Nonparametric neighbours: U-statistic structural components and jackknife pseudo-observations for the AUC

Two of my recent blog posts focused on two different, but as we will see related, methods which essentially transform observed responses into a summary of their contribution to an estimate: structural components resulting from Sen’s (1960) decomposition of U-statistics and pseudo-observations resulting from application of the leave-one-out jackknife. As I note in this comment, I think the real value of deconstructing estimators in this way results from the use of these quantities, which in special (but common) cases are asymptotically uncorrelated and identically distributed, to: (1) simplify otherwise complex variance estimates and construct interval estimates, and (2) apply regression methods to estimators without an existing regression framework.

As discussed by Miller (1974), pseudo-observations may be treated as approximately independent and identically distributed random variables when the quantity of interest is a function of the mean or variance, and more generally, any function of a U-statistic. Several other scenarios where these methods are applicable are also outlined. Many estimators of popular “parameters” can actually be expressed as U-statistics. Thus, these methods are quite broadly applicable. A review of basic U-statistic theory and some common examples, notably the difference in means or the Wilcoxon Mann-Whitney test statistic, can be found within my blog post: One, Two, U: Examples of common one- and two-sample U-statistics.

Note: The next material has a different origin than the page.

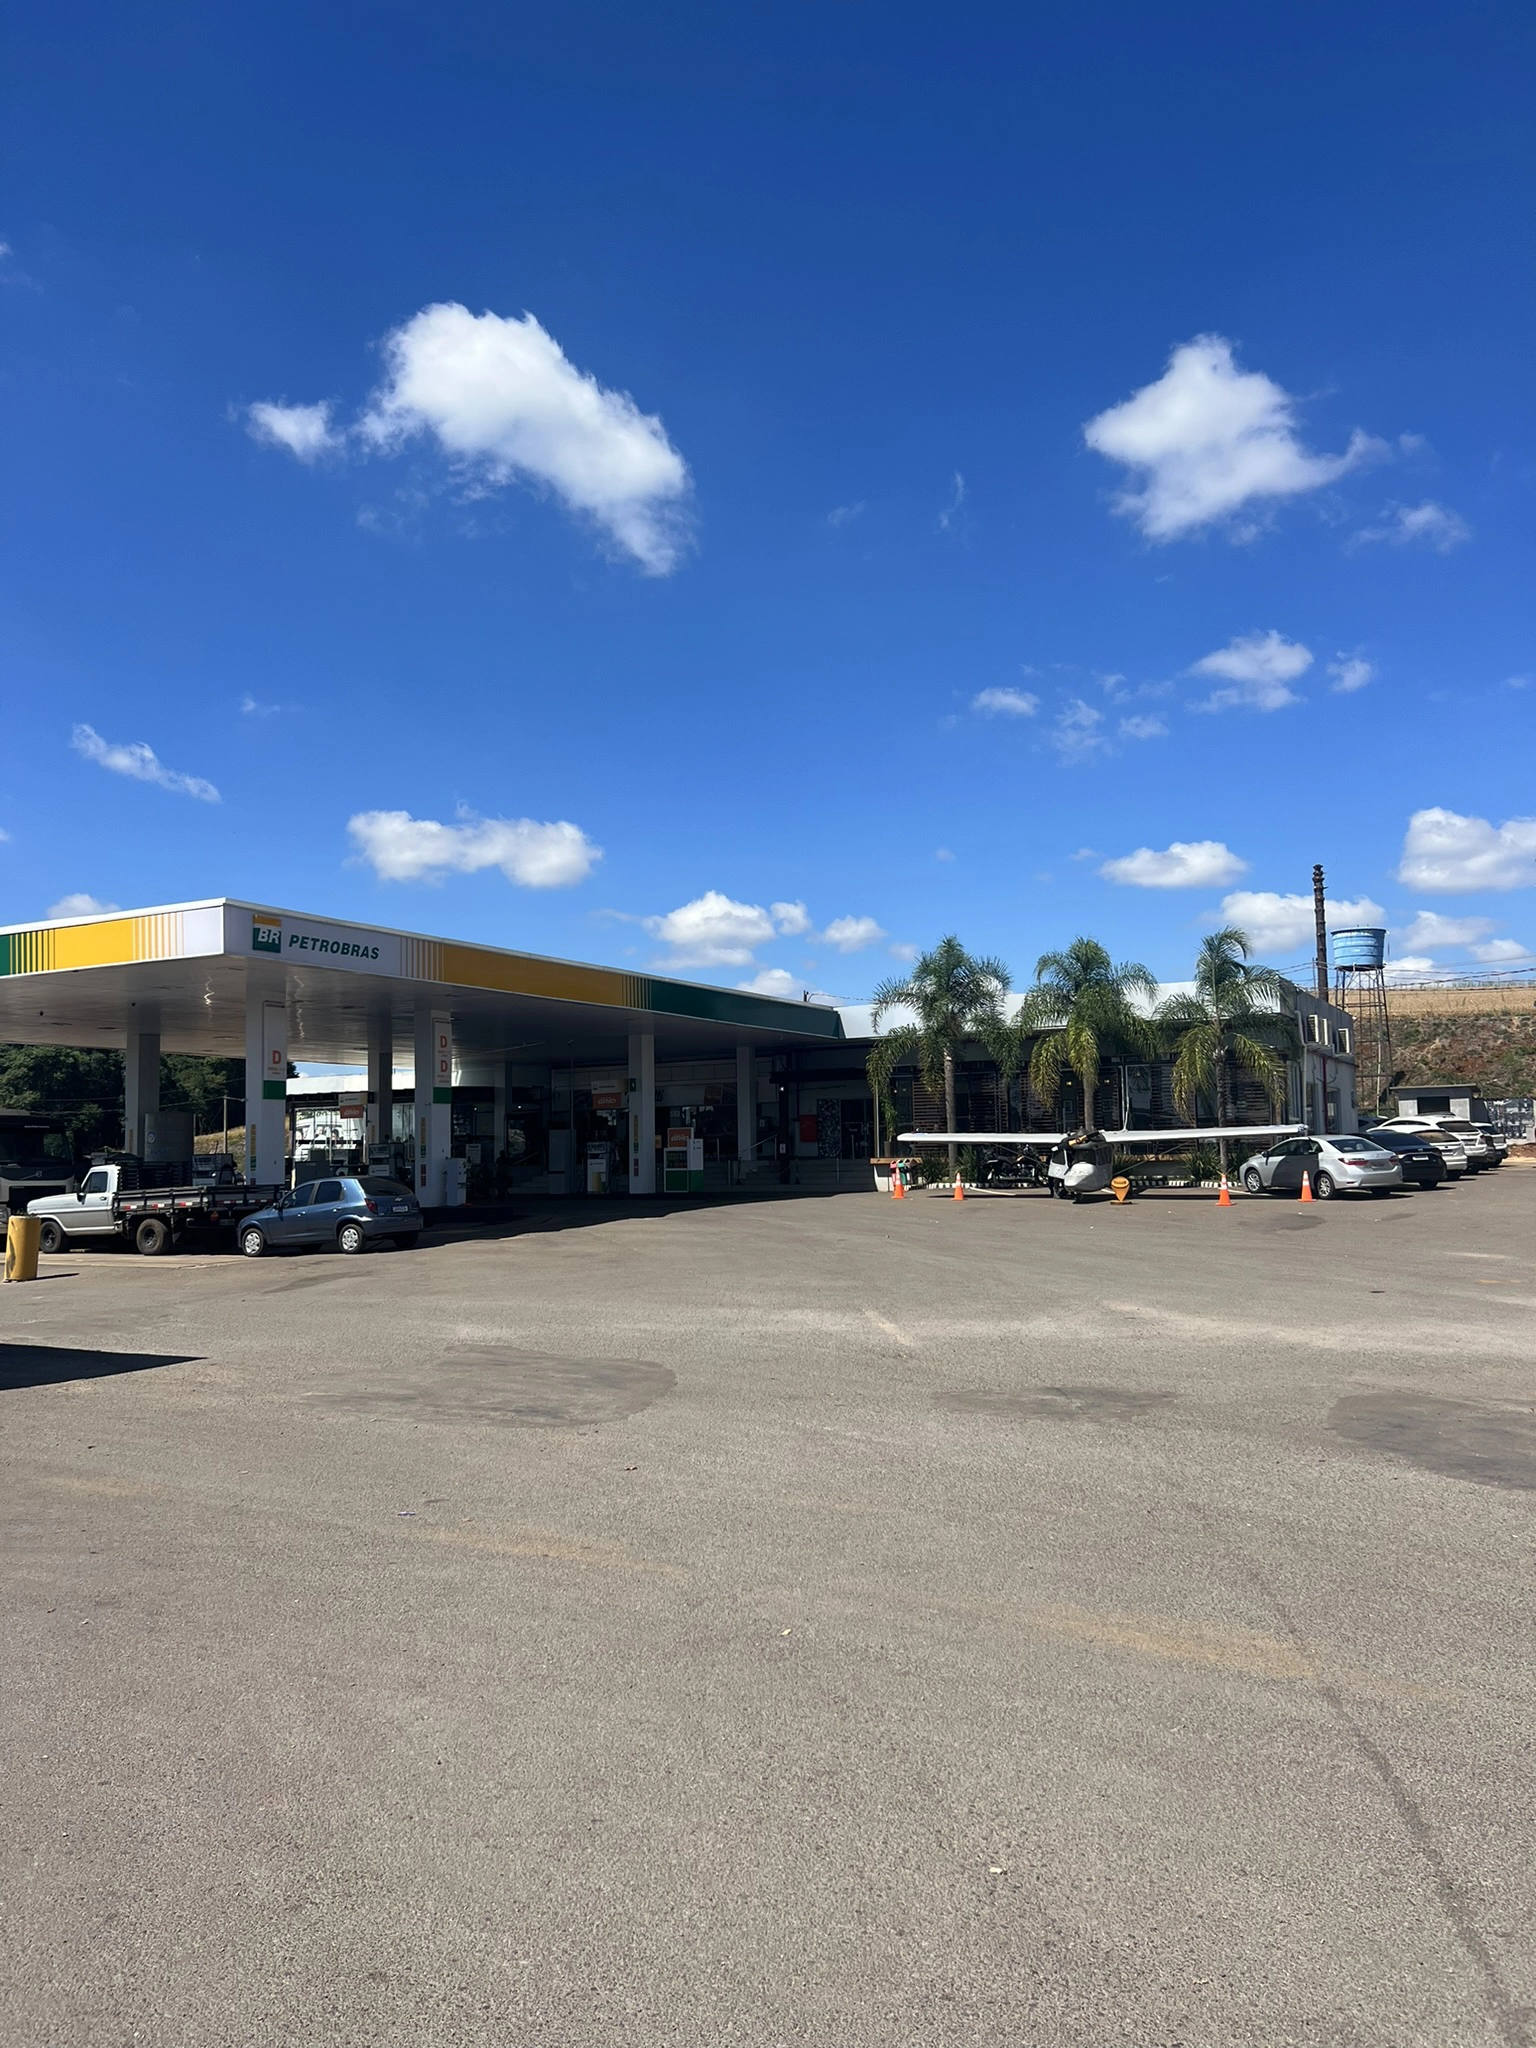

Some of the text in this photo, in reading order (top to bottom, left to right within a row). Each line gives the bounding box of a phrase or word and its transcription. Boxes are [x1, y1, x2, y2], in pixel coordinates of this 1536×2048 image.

[257, 928, 380, 960] BR PETROBRAS
[440, 1035, 448, 1049] D
[272, 1050, 281, 1065] D
[440, 1060, 448, 1073] D

As an example of use case (1), Delong et al. (1988) used structural components to estimate the variances and covariances of the areas under multiple, correlated receiver operator curves or multiple AUCs. Hanley and Hajian-Tilaki (1997) later referred to the methods of Delong et al. (1988) as “the cleanest and most elegant approach to variances and covariances of AUCs.” As an example of use case (2), Andersen & Pohar Perme (2010) provide a thorough summary of how pseudo-observations can be used to construct regression models for important survival parameters like survival at a single time point and the restricted mean survival time.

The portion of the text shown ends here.